April - 2009 - issue > Company Spotlight

MENTIS Software Answering the What, Where, How, & Who of Sensitive Data

Jayakishore Bayadi
Wednesday, April 1, 2009
Jayakishore Bayadi
When a major American public company decided to do more to protect the personally identifiable information (PII – name, address, Social Security number & driver’s license number) of its customers, their Head of Financial and HR Systems turned to MENTIS Software.

The executive described the problem: “We hear about data breaches every day. Not wanting to be a negative headline is an obvious motivator, but doing what’s right to protect the information of our customers and employees is our driving force. To adequately protect this information, we first needed a comprehensive map of all of the locations of PII data across all our enterprise databases. We looked to MENTIS because this critical capability was built into their Framework, which is shared by all their solutions.”

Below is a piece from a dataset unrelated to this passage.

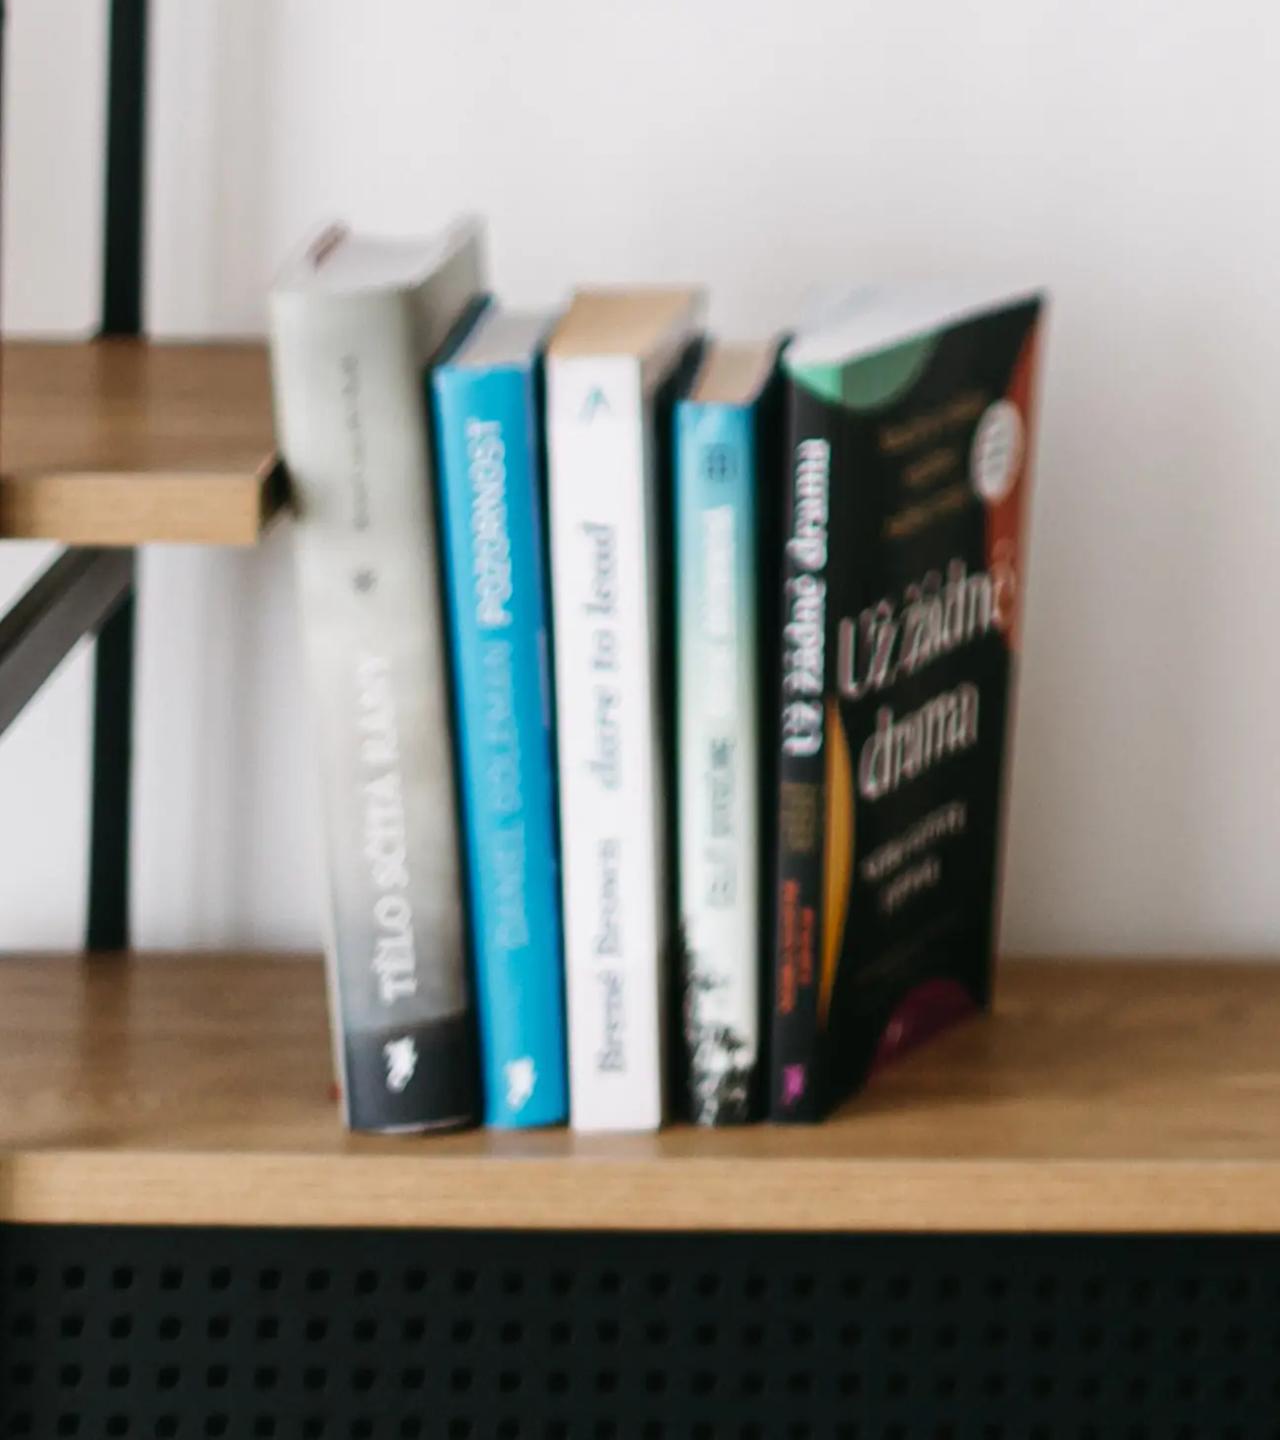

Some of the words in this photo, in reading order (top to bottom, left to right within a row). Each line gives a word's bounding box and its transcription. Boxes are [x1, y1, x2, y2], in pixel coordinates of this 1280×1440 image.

The company used MENTIS’ data classification capability to first document WHAT was sensitive to its organization. Next, they deployed the MENTIS data crawling and pattern recognition software to scan their databases to determine WHERE sensitive data was located across their databases. “MENTIS was able to document known locations of sensitive data as well as unknown locations – where sensitive data had been propagated through internal processes or through the efforts of tenacious application users – locations that our existing documentation had missed,” the executive explained.

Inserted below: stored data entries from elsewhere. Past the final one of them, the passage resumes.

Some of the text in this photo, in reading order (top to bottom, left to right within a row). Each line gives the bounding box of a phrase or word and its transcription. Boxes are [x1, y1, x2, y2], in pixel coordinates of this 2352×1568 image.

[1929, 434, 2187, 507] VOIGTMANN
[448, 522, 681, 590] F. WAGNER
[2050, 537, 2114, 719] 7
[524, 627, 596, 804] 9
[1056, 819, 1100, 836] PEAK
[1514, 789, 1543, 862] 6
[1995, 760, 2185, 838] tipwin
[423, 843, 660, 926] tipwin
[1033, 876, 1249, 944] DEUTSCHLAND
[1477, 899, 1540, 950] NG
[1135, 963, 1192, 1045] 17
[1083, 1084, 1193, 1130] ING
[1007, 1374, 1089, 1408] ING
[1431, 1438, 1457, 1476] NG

Such experiences are common among MENTIS’ customers. The firm, which provides information security solutions for databases and applications, was founded in 2002 by Rajesh Parthasarathy. As a Chartered Accountant turned technologist, his skills include an ability to see the vulnerabilities in the information technology stack, often far in advance of current security trends. Parthasarathy and the MENTIS team have built a culture of innovation and thought leadership, which enables them to remain on the cutting edge of information security. “We keep coming back to one idea: that you have to know your risk, understand your exposure,” said Parthasarathy. “And we’re finding that sensitive data is literally everywhere in an organization’s systems.”

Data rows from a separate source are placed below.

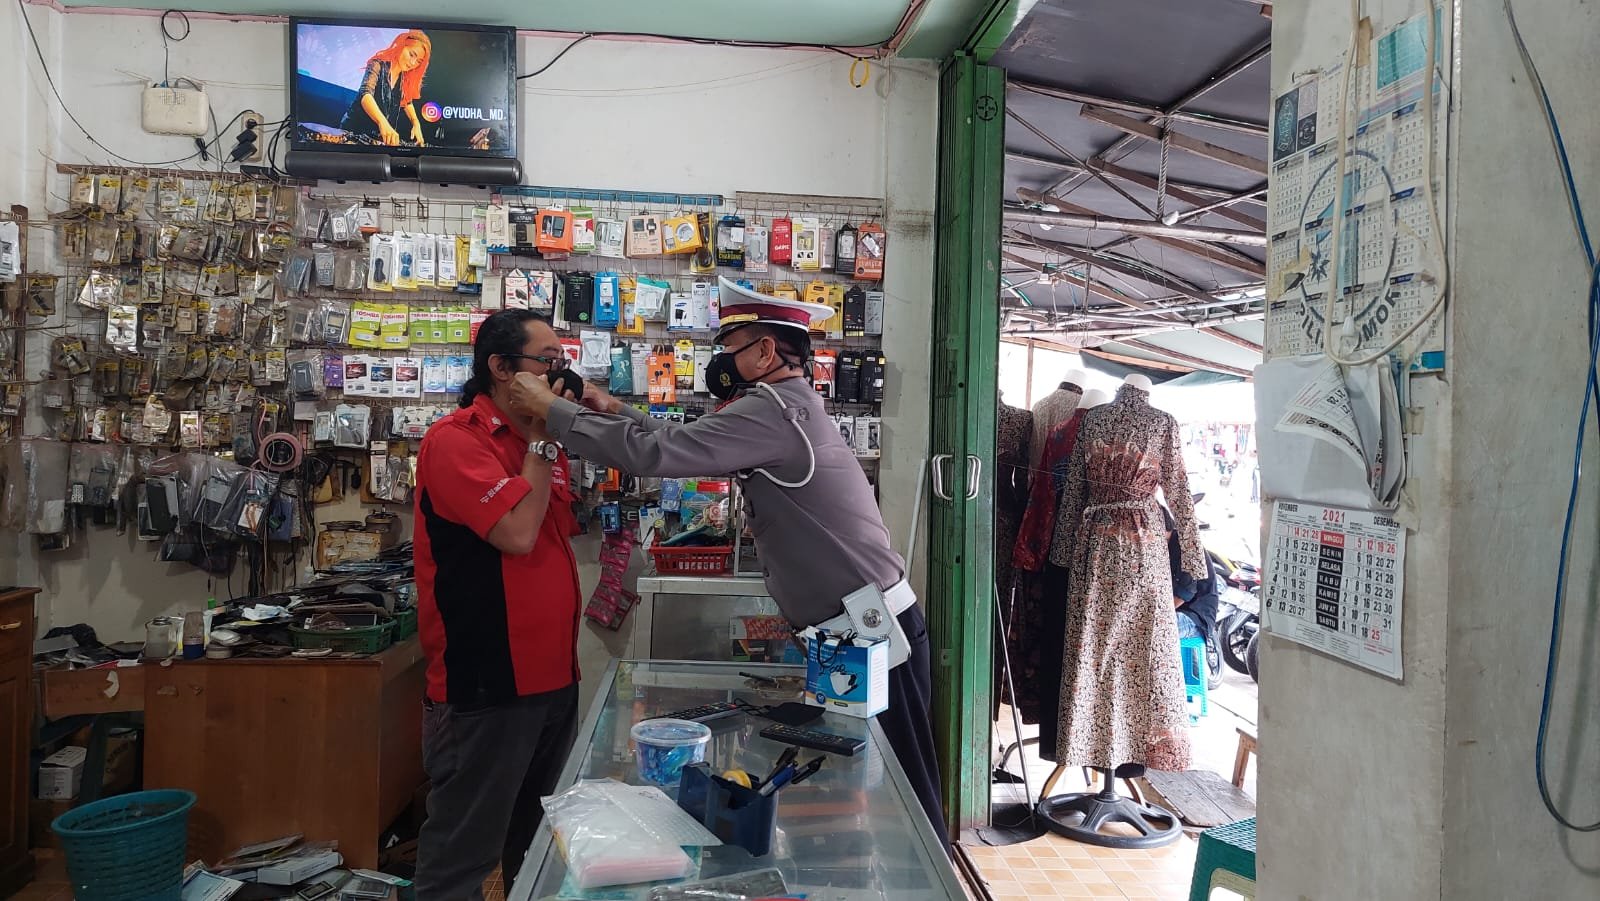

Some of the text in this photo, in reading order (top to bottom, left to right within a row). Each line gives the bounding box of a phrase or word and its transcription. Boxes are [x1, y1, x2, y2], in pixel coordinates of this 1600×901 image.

[1322, 509, 1345, 523] 2021
[1301, 542, 1308, 551] 22
[1310, 543, 1319, 552] 29
[1322, 548, 1342, 558] SENIN
[1366, 554, 1372, 565] 13
[1376, 557, 1384, 567] 20
[1386, 559, 1394, 569] 27
[1367, 540, 1373, 550] 12
[1300, 555, 1307, 565] 23
[1321, 562, 1341, 572] SELASA
[1366, 569, 1372, 579] 14
[1375, 572, 1383, 582] 21
[1385, 574, 1394, 584] 28
[1319, 575, 1339, 586] RABU
[1365, 584, 1371, 594] 15
[1374, 586, 1382, 597] 22
[1385, 589, 1393, 599] 29
[1281, 589, 1287, 598] 12
[1383, 618, 1391, 629] 31
[1318, 588, 1337, 599] KAMIS
[1374, 601, 1381, 612] 23
[1384, 604, 1392, 614] 30
[1279, 601, 1286, 611] 13
[1289, 605, 1296, 614] 20
[1298, 606, 1305, 616] 27
[1372, 629, 1380, 640] 25
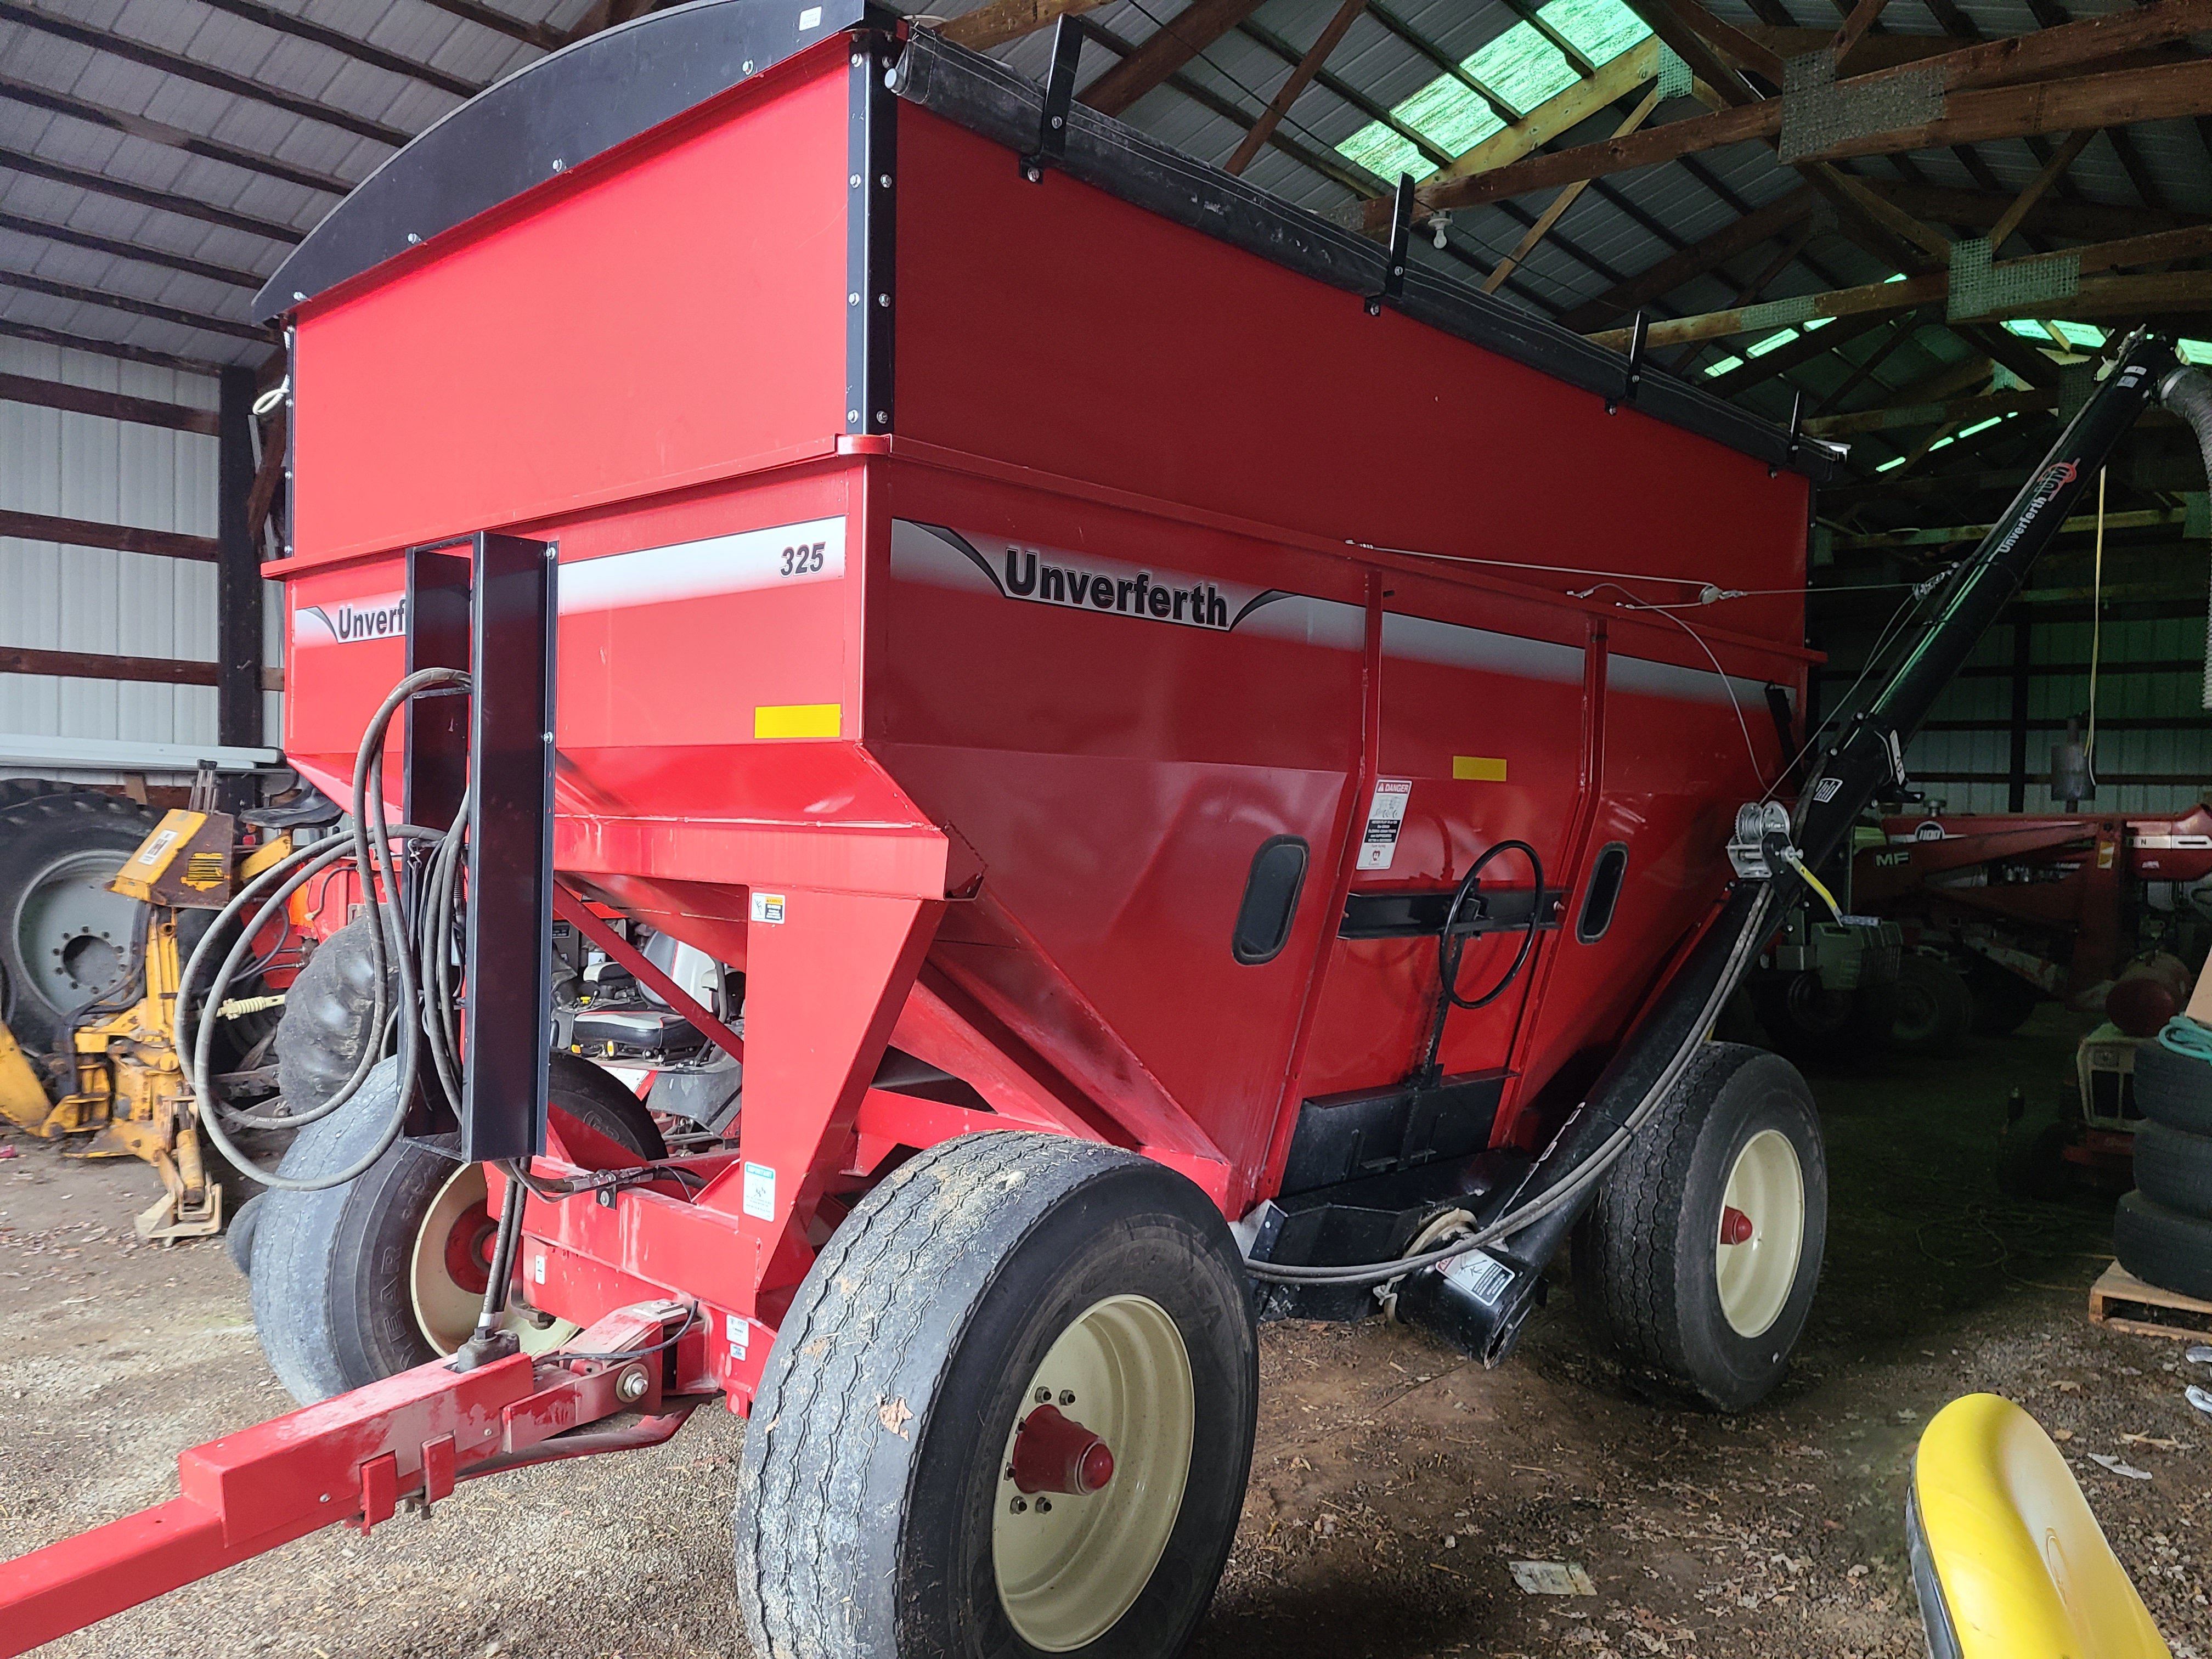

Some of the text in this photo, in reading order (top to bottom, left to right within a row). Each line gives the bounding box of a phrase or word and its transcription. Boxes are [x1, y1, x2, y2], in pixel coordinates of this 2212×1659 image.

[1998, 496, 2047, 554] Unverferth
[780, 541, 826, 577] 325
[1004, 547, 1228, 628] Unverferth
[1385, 783, 1409, 792] DANGER
[1918, 829, 1941, 840] 1100
[1875, 851, 1909, 867] MF

“Sensitive Data Creep,” Parthasarathy continued, “is what we call a phenomenon where sensitive data in databases is propagated into unknown and unexpected locations. In addition to the known fields and columns where PII is expected to be stored, we’re seeing that in fact very often it is also stored in description columns, attribute fields, log and debugging messages, etc. – areas that are intuitively not critical in the lay person’s eyes. Think of it as a behind-the-scenes movement and storage of data as a result of everyday use.”